• _PROBLEM DESCRIPTION_: Pictures in the records are to be excluded from an otherwise exact copy.

Dataset entries:
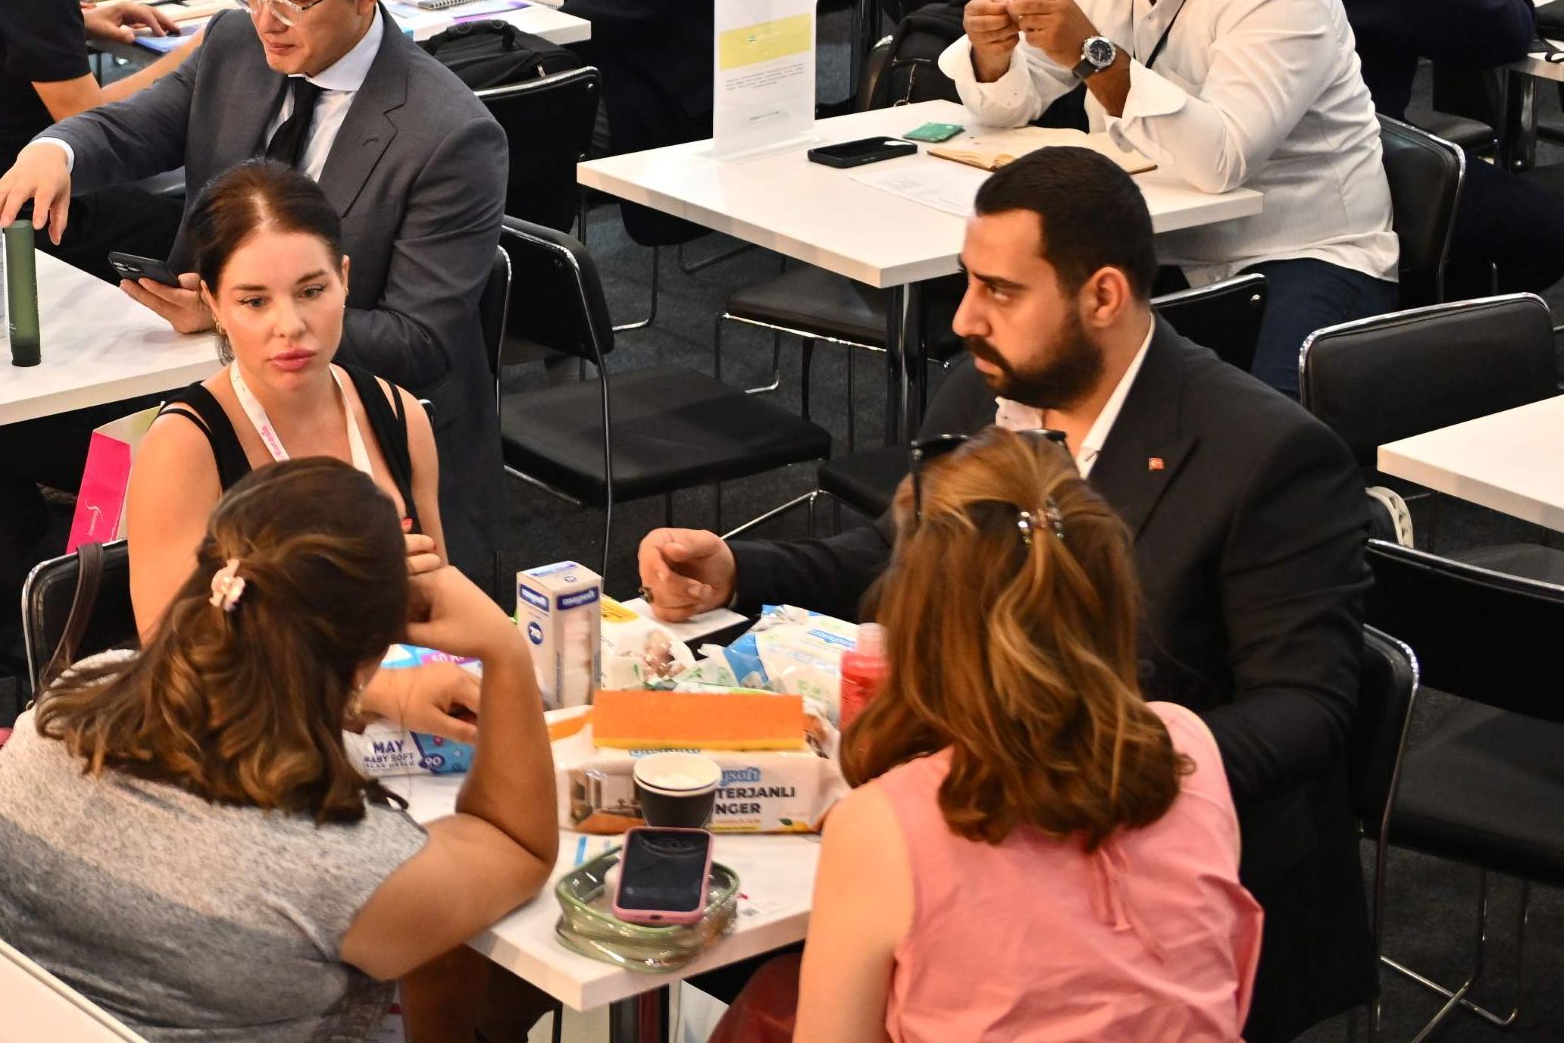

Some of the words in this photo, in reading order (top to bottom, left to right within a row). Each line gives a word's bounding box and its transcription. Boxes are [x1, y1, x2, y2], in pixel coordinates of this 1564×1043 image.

[372, 740, 404, 754] MAY
[391, 752, 414, 761] SOFT
[720, 766, 761, 787] ysoft
[716, 786, 796, 799] TERJANLI
[715, 803, 761, 815] NGER
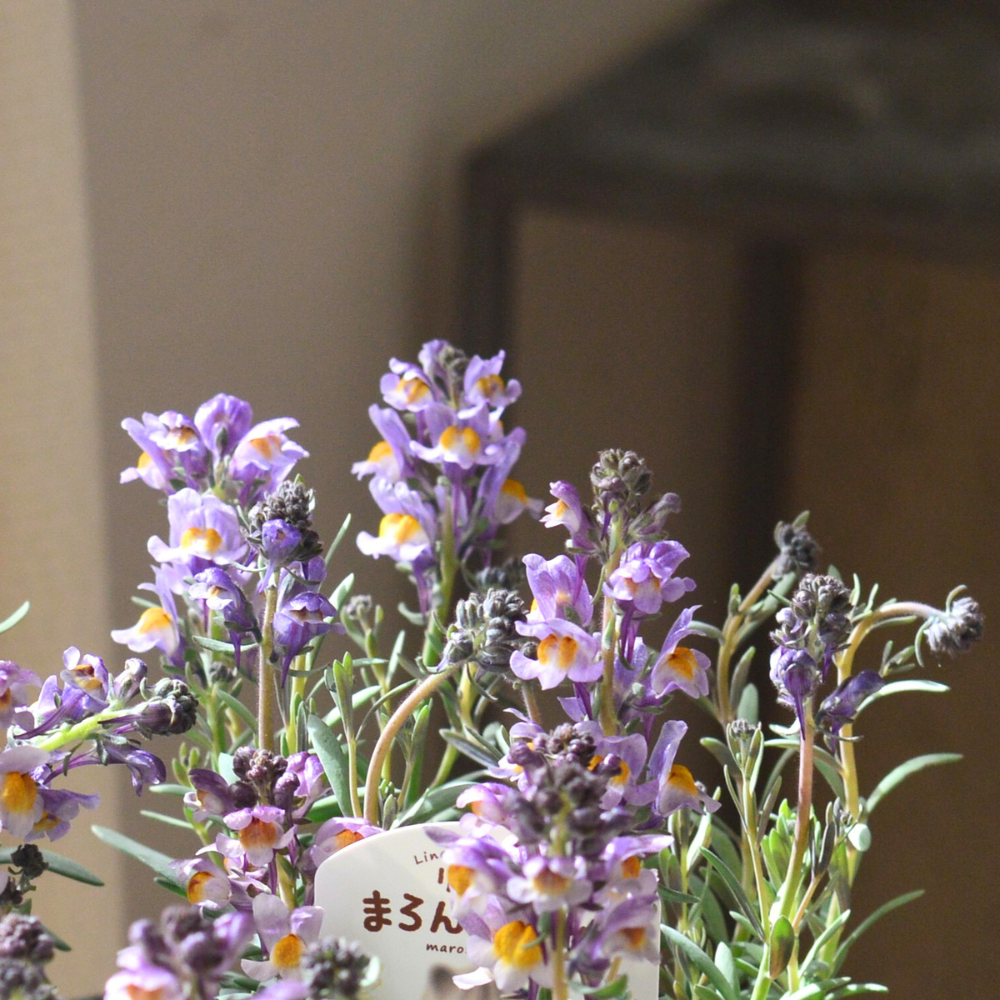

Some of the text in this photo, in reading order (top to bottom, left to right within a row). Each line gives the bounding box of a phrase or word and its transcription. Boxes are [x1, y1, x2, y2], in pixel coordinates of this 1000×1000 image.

[362, 890, 463, 934] まろん
[426, 943, 468, 955] maro
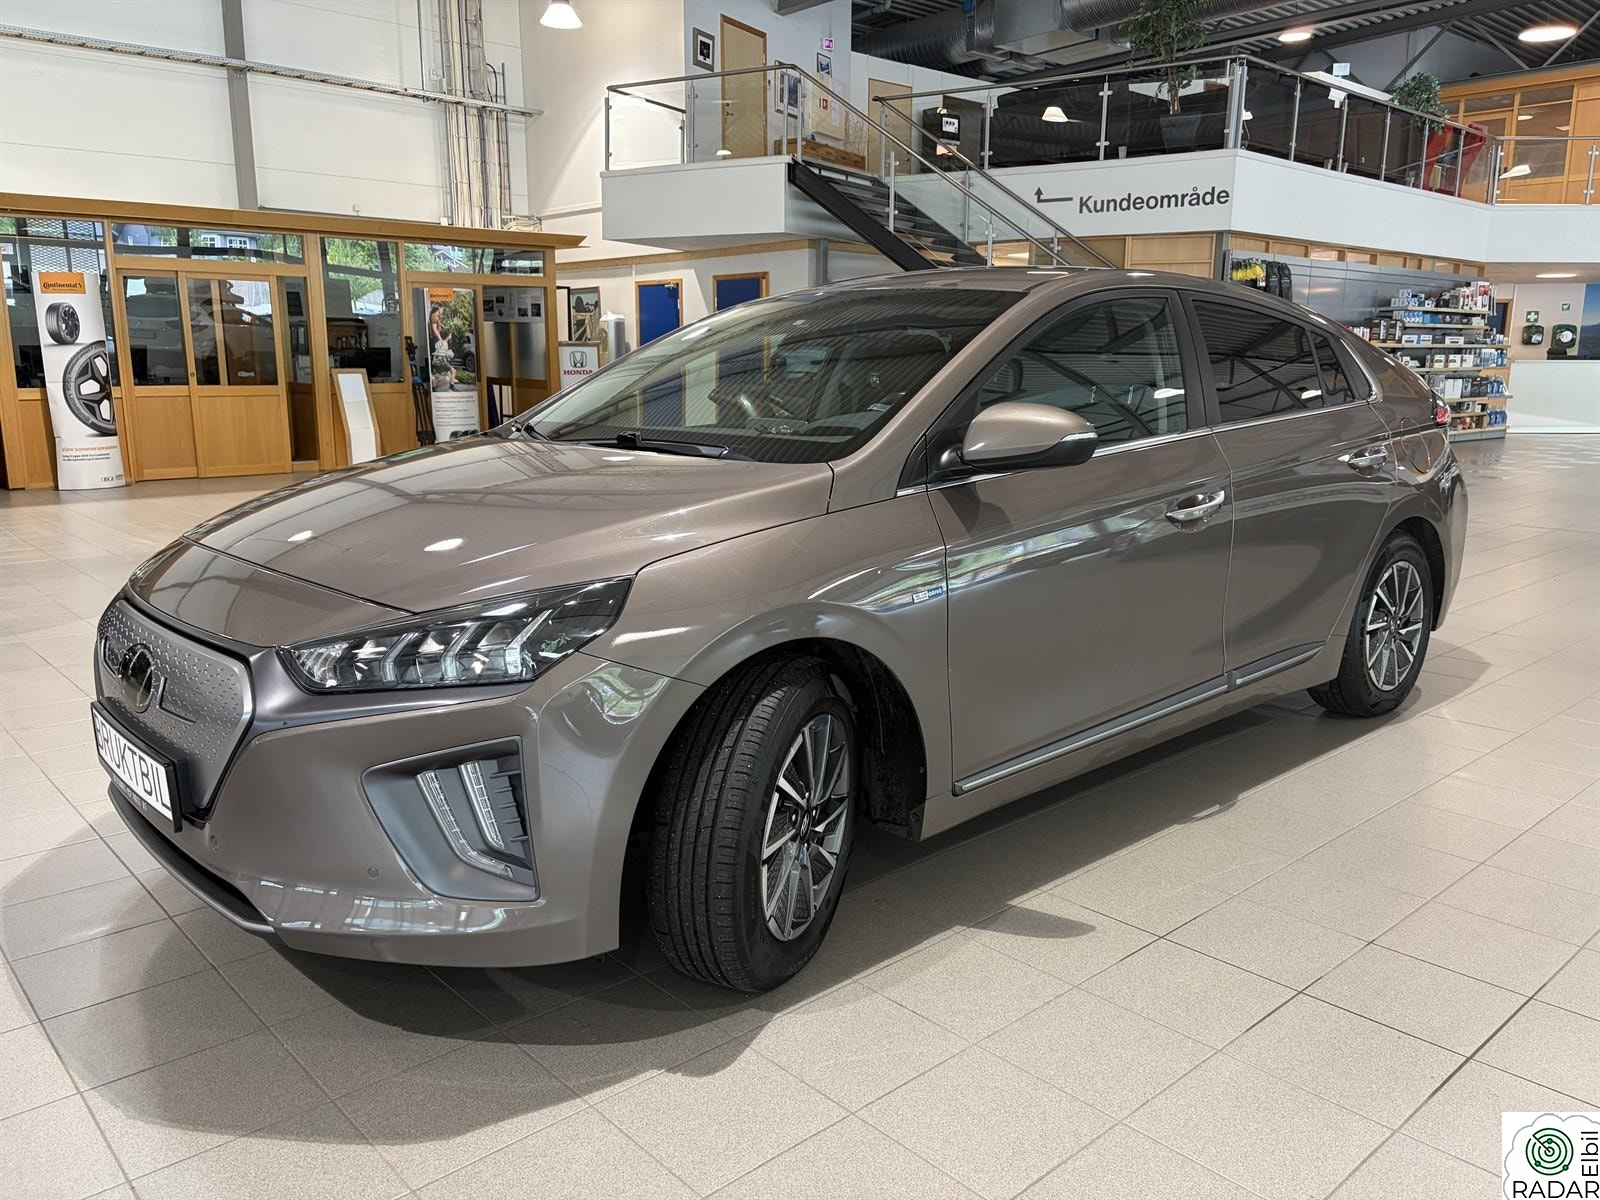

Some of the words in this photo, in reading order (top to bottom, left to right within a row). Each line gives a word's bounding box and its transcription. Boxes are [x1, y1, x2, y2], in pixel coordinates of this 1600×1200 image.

[1079, 186, 1230, 214] Kundeområde
[43, 281, 77, 290] Continental
[93, 714, 171, 812] BRUKTBIL

• _EXERCISE SOLUTION_:
Some of the words in this photo, in reading order (top to bottom, left to right within a row). Each line gives a word's bounding box and its transcription. Boxes are [x1, y1, x2, y2], in pixel coordinates of this 1564×1043 image.

[372, 740, 404, 754] MAY
[391, 752, 414, 761] SOFT
[720, 766, 761, 787] ysoft
[716, 786, 796, 799] TERJANLI
[715, 803, 761, 815] NGER

Some of the text in this photo, in reading order (top to bottom, left to right within a row). Each line gives the bounding box of a phrase or word and its transcription. Boxes are [x1, y1, x2, y2], in pixel coordinates of this 1000×1000 image.

[362, 890, 463, 934] まろん
[426, 943, 468, 955] maro

Some of the words in this photo, in reading order (top to bottom, left to right within a row). Each line gives a word's bounding box and its transcription. Boxes are [x1, y1, x2, y2], in pixel coordinates of this 1600×1200 image.

[1079, 186, 1230, 214] Kundeområde
[43, 281, 77, 290] Continental
[93, 714, 171, 812] BRUKTBIL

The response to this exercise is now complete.